Using the SEER database, we identified 105,511 patients diagnosed with RC from 1988-2012. Main outcomes were disease-specific survival (DSS) and overall survival (OS).
In patients with stage I-III RC, women achieved a longer DSS (HR 0.87, P < 0.001) than men, independent of age, from 1988-2012. In stage IV disease, the sex disparity favoring women was limited to the age 18-44 yr cohort (DSS HR 0.79, P < 0.001). The sex difference in DSS (Pinteraction = 0.009) was significantly reduced from 2004 to 2012 across all ages. Hispanics and Native Americans with locoregional RC had inferior DSS relative to Whites from 1988-2003, but these differences were not evident from 2004-2012 (Pinteraction = 0.001). Additionally, Asians with stage I-III RC had superior DSS from 2004 on compared to Whites. Mortality in African American patients improved modestly overall and remained significantly higher than other ethnicities/races across all stages.

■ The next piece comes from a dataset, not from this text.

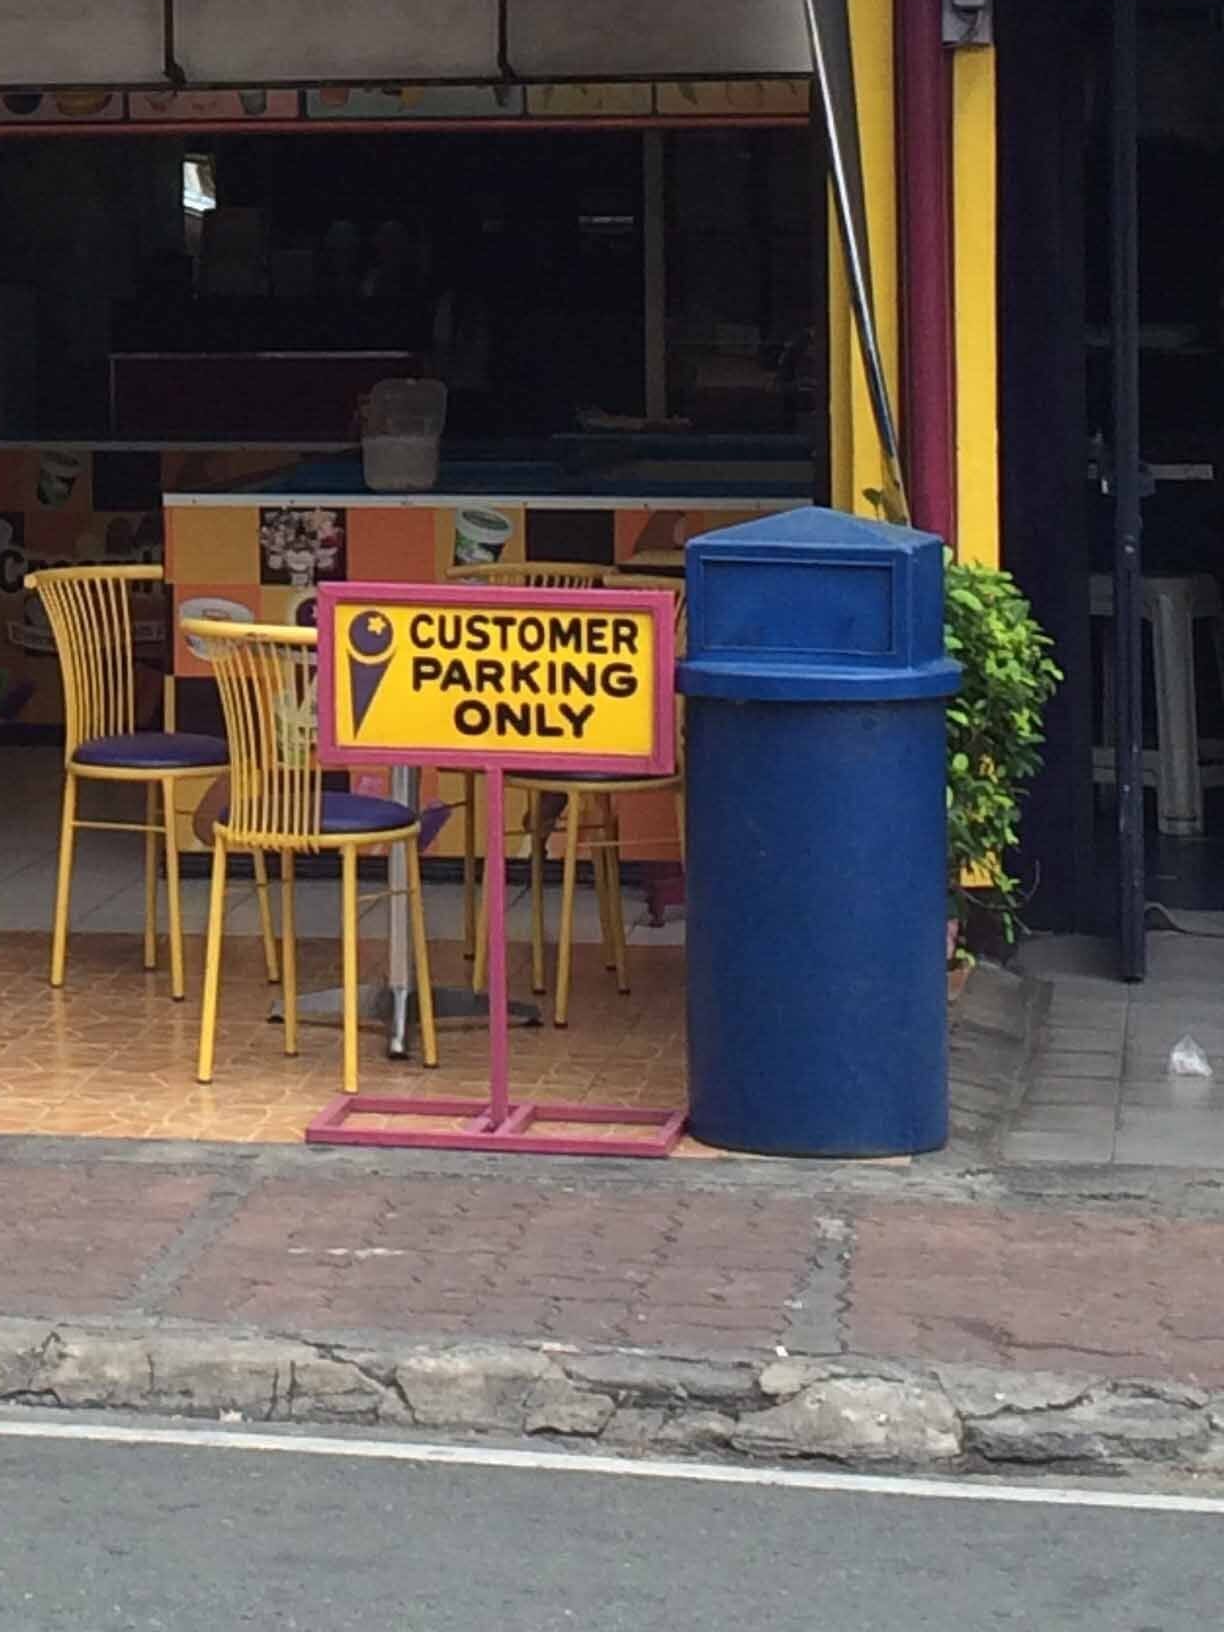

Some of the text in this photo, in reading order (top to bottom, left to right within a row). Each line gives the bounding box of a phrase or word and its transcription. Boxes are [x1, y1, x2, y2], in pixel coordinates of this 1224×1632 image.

[409, 614, 639, 655] CUSTOMER
[412, 656, 638, 697] PARKING
[454, 699, 595, 738] ONLY
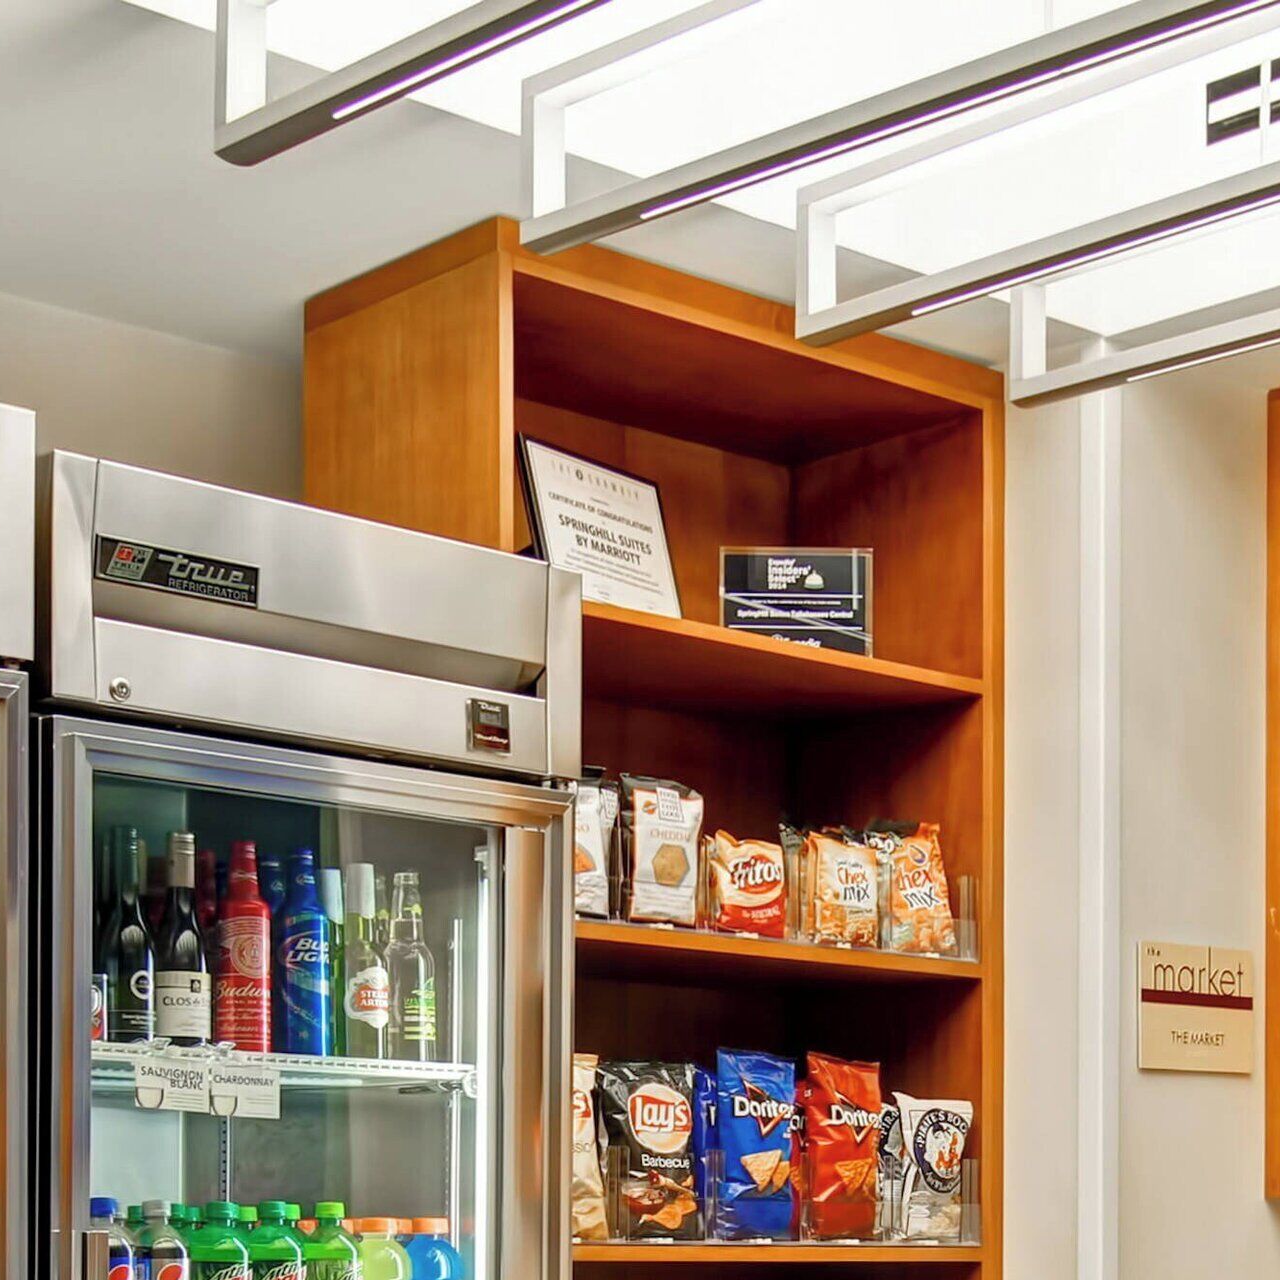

Sex disparities have narrowed in patients with metastatic RC, but persist in patients with stage I-III disease. These differences are most evident among young patients (18-44 years), where sex disparities have even widened in stage I-III disease. While outcomes have improved for Asians, Hispanics, and Native Americans with stage I-III rectal cancer, black-white disparities remain in all disease stages.